Stored items:

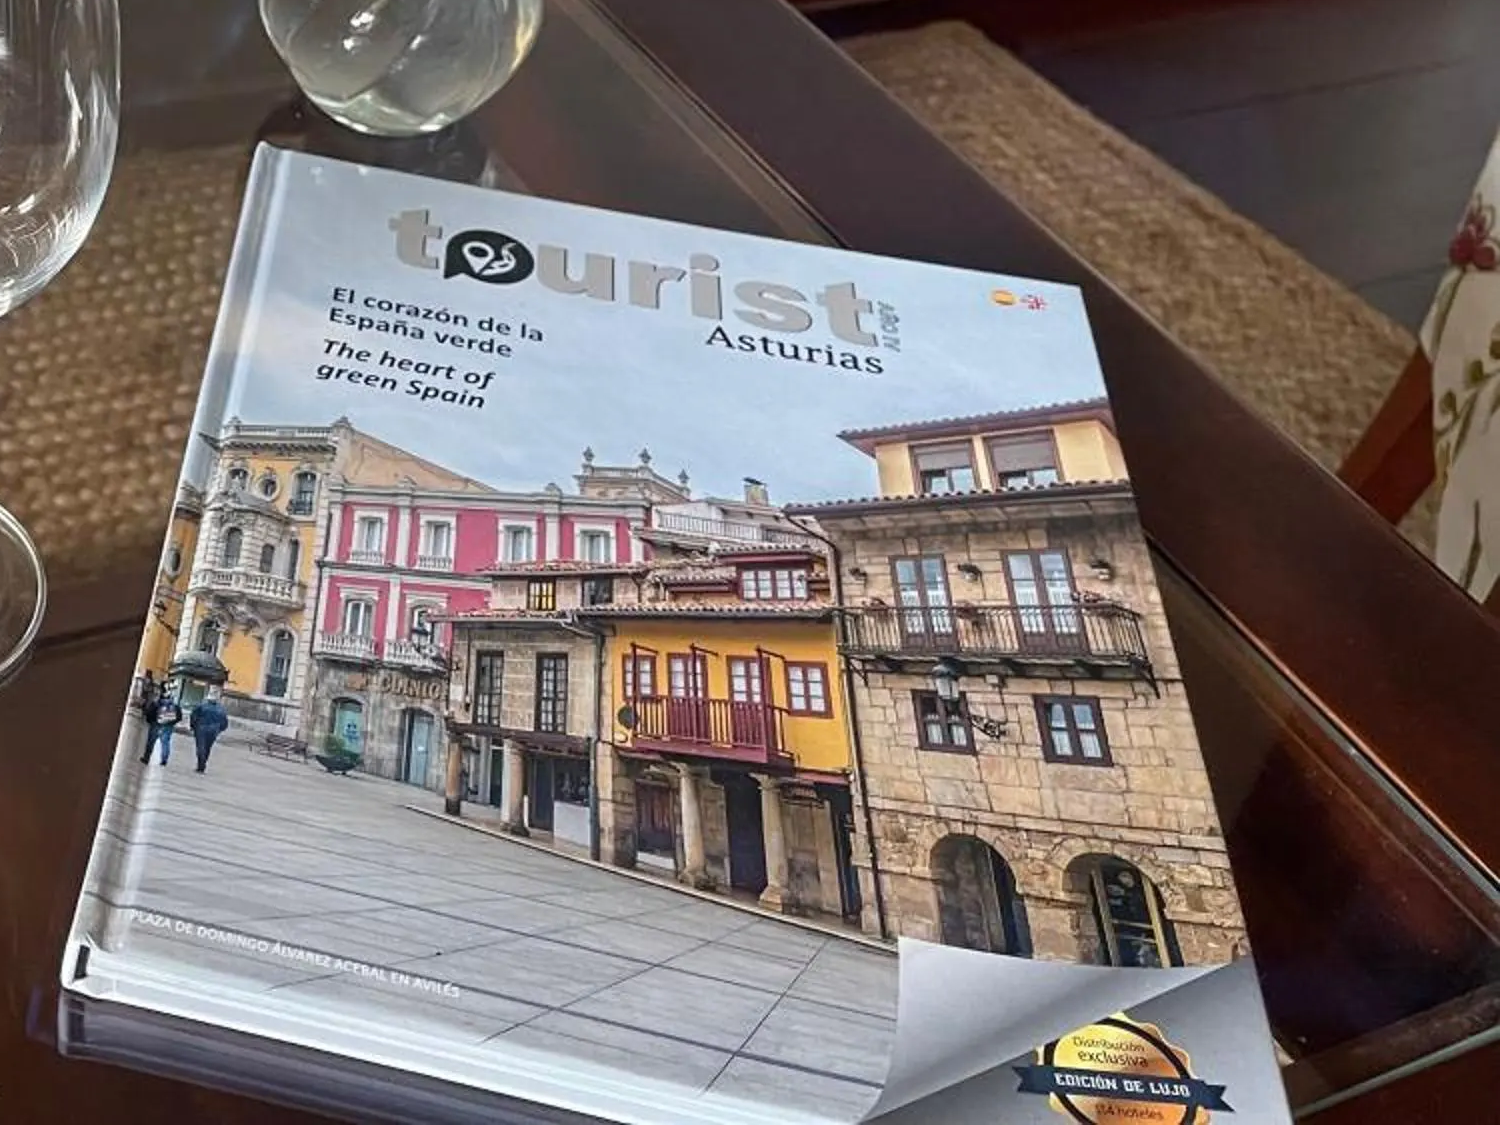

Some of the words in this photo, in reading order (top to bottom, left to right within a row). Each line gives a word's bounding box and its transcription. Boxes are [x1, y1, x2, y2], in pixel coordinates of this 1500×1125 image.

[329, 306, 425, 340] España
[434, 330, 513, 358] verde
[332, 286, 354, 304] El
[363, 295, 469, 327] corazón
[477, 316, 511, 335] de
[520, 322, 544, 342] la
[323, 338, 371, 363] The
[379, 350, 457, 380] heart
[464, 372, 496, 389] of
[705, 325, 885, 375] Asturias
[316, 364, 397, 391] green
[406, 380, 486, 409] Spain
[130, 908, 171, 930] PLAZA
[175, 920, 193, 935] DE
[197, 925, 269, 952] DOMINGO
[391, 971, 410, 986] EN
[1077, 1050, 1149, 1068] exclusiva
[1054, 1073, 1118, 1090] EDICIÓN
[1123, 1079, 1145, 1093] DE
[1149, 1082, 1191, 1098] LUJO

TASK REQUIREMENTS:
Print all the records exactly, minus any images.

COMPLETED EXERCISE:
Some of the words in this photo, in reading order (top to bottom, left to right within a row). Each line gives a word's bounding box and its transcription. Boxes are [x1, y1, x2, y2], in pixel coordinates of this 1500×1125 image.

[329, 306, 425, 340] España
[434, 330, 513, 358] verde
[332, 286, 354, 304] El
[363, 295, 469, 327] corazón
[477, 316, 511, 335] de
[520, 322, 544, 342] la
[323, 338, 371, 363] The
[379, 350, 457, 380] heart
[464, 372, 496, 389] of
[705, 325, 885, 375] Asturias
[316, 364, 397, 391] green
[406, 380, 486, 409] Spain
[130, 908, 171, 930] PLAZA
[175, 920, 193, 935] DE
[197, 925, 269, 952] DOMINGO
[391, 971, 410, 986] EN
[1077, 1050, 1149, 1068] exclusiva
[1054, 1073, 1118, 1090] EDICIÓN
[1123, 1079, 1145, 1093] DE
[1149, 1082, 1191, 1098] LUJO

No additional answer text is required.